Saved data entries:
--- --- ---

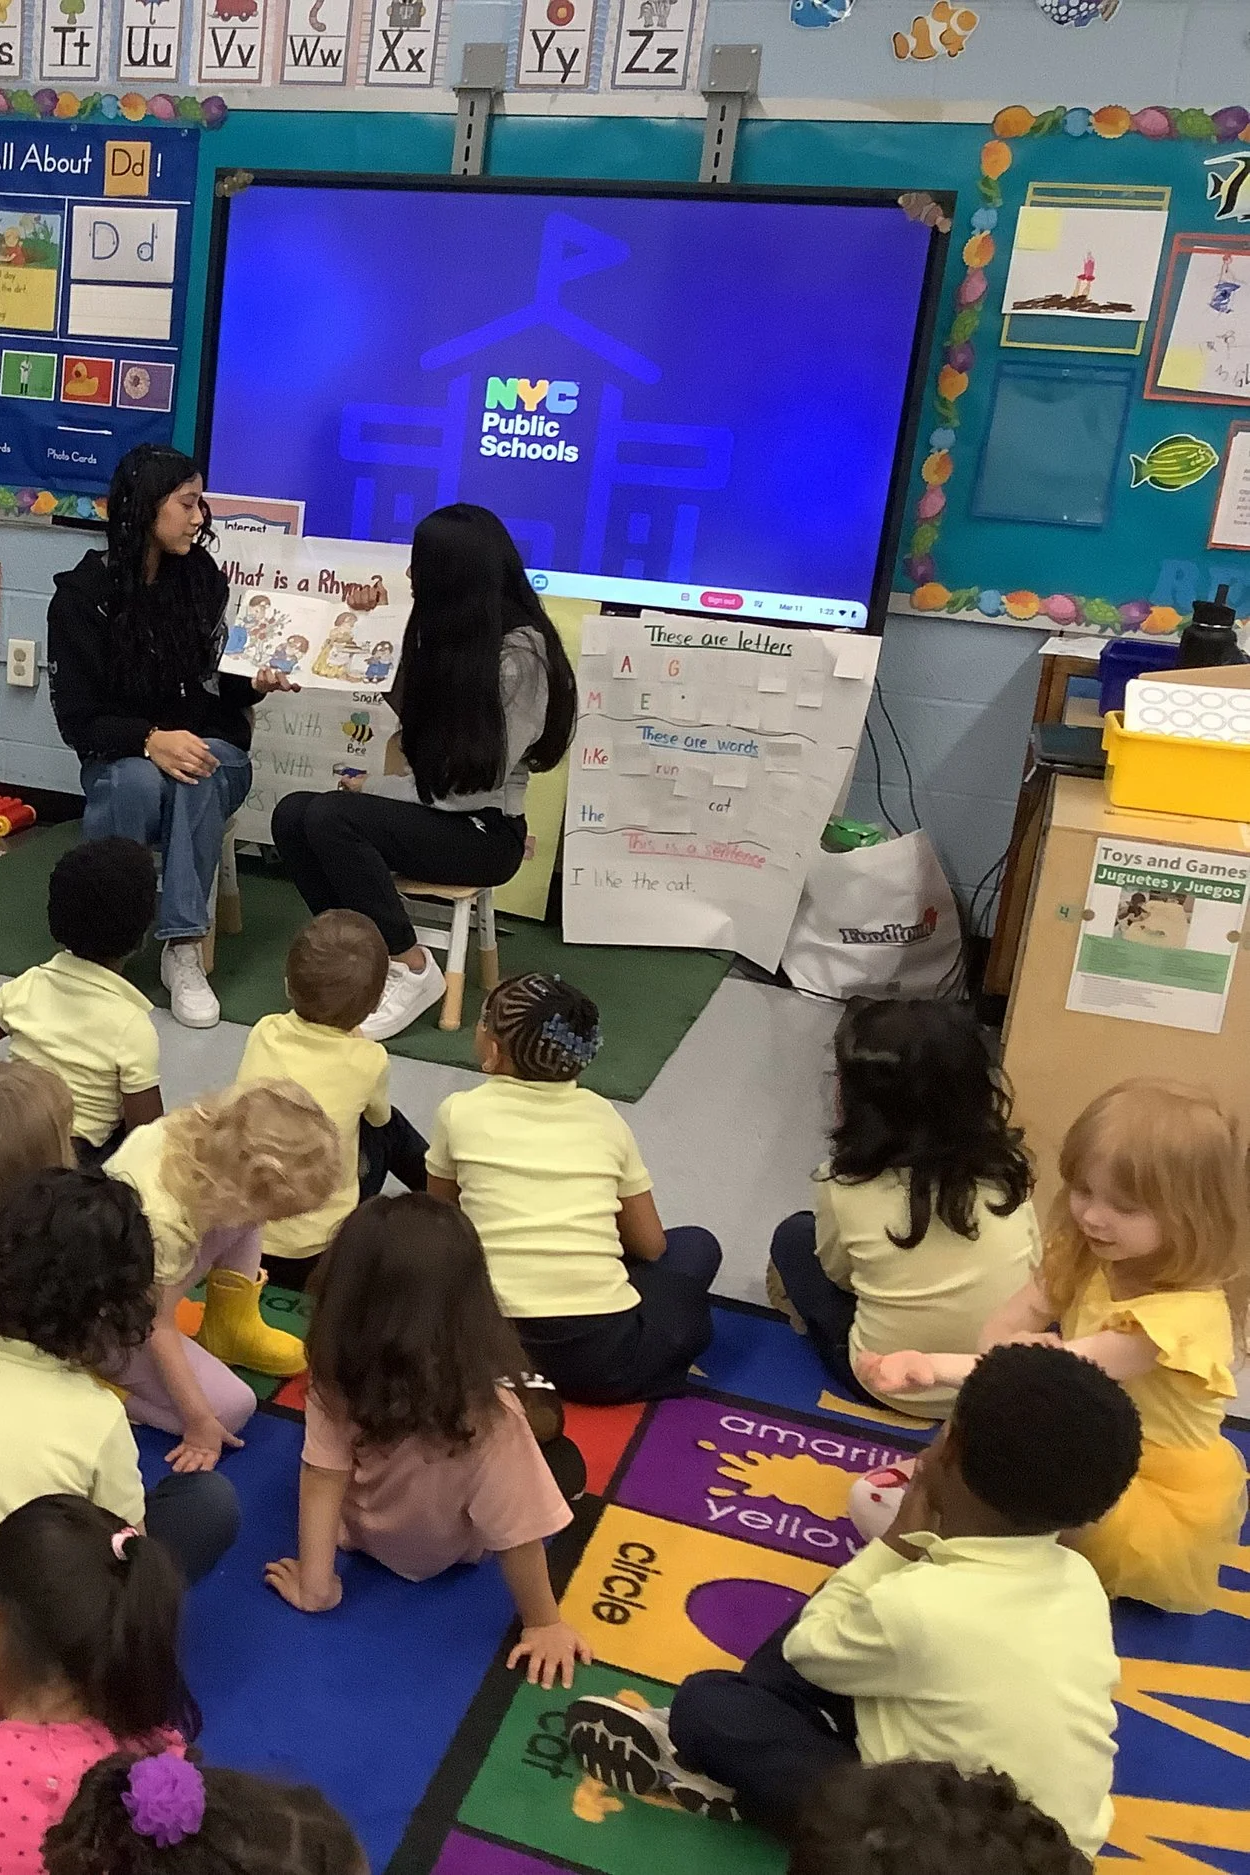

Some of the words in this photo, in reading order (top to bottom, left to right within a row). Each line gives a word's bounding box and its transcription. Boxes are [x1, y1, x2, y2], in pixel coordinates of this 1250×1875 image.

[52, 27, 90, 66] Tt
[127, 28, 173, 67] Uu
[210, 28, 255, 68] Vv
[290, 36, 342, 67] Ww
[377, 30, 425, 72] Xx
[531, 30, 579, 83] Yy
[624, 30, 679, 73] Zz
[20, 143, 92, 175] About
[111, 148, 145, 177] Dd
[485, 376, 580, 414] NYC
[482, 412, 560, 438] Public
[47, 448, 69, 461] Photo
[71, 452, 97, 465] Cards
[480, 435, 579, 463] Schools
[274, 570, 288, 589] is
[297, 577, 309, 592] a
[779, 603, 793, 611] Mar
[795, 604, 803, 612] 11
[819, 607, 835, 616] 1:22
[643, 625, 694, 647] These
[701, 633, 728, 647] are
[738, 630, 793, 656] letters
[621, 655, 633, 674] A
[668, 659, 680, 677] G
[640, 693, 652, 711] E
[283, 712, 322, 737] With
[347, 744, 367, 756] Bee
[636, 725, 679, 746] These
[684, 735, 708, 749] are
[717, 738, 759, 755] words
[274, 754, 314, 778] With
[656, 764, 679, 775] run
[581, 805, 605, 823] the
[709, 797, 732, 813] cat
[622, 832, 655, 850] This
[1102, 847, 1143, 865] Toys
[1147, 854, 1181, 871] and
[1186, 859, 1248, 880] Games
[570, 867, 585, 887] I
[594, 868, 623, 888] like
[632, 871, 660, 891] the
[1098, 867, 1168, 889] Juguetes
[1172, 880, 1182, 893] y
[1184, 881, 1241, 900] Juegos
[839, 923, 935, 945] Foodto
[720, 1415, 902, 1467] amarill
[592, 1541, 663, 1625] circle

--- --- ---

• Exercise
The entries are to be restated word for word, with pictures omitted.

• Solution
Some of the words in this photo, in reading order (top to bottom, left to right within a row). Each line gives a word's bounding box and its transcription. Boxes are [x1, y1, x2, y2], in pixel coordinates of this 1250×1875 image.

[52, 27, 90, 66] Tt
[127, 28, 173, 67] Uu
[210, 28, 255, 68] Vv
[290, 36, 342, 67] Ww
[377, 30, 425, 72] Xx
[531, 30, 579, 83] Yy
[624, 30, 679, 73] Zz
[20, 143, 92, 175] About
[111, 148, 145, 177] Dd
[485, 376, 580, 414] NYC
[482, 412, 560, 438] Public
[47, 448, 69, 461] Photo
[71, 452, 97, 465] Cards
[480, 435, 579, 463] Schools
[274, 570, 288, 589] is
[297, 577, 309, 592] a
[779, 603, 793, 611] Mar
[795, 604, 803, 612] 11
[819, 607, 835, 616] 1:22
[643, 625, 694, 647] These
[701, 633, 728, 647] are
[738, 630, 793, 656] letters
[621, 655, 633, 674] A
[668, 659, 680, 677] G
[640, 693, 652, 711] E
[283, 712, 322, 737] With
[347, 744, 367, 756] Bee
[636, 725, 679, 746] These
[684, 735, 708, 749] are
[717, 738, 759, 755] words
[274, 754, 314, 778] With
[656, 764, 679, 775] run
[581, 805, 605, 823] the
[709, 797, 732, 813] cat
[622, 832, 655, 850] This
[1102, 847, 1143, 865] Toys
[1147, 854, 1181, 871] and
[1186, 859, 1248, 880] Games
[570, 867, 585, 887] I
[594, 868, 623, 888] like
[632, 871, 660, 891] the
[1098, 867, 1168, 889] Juguetes
[1172, 880, 1182, 893] y
[1184, 881, 1241, 900] Juegos
[839, 923, 935, 945] Foodto
[720, 1415, 902, 1467] amarill
[592, 1541, 663, 1625] circle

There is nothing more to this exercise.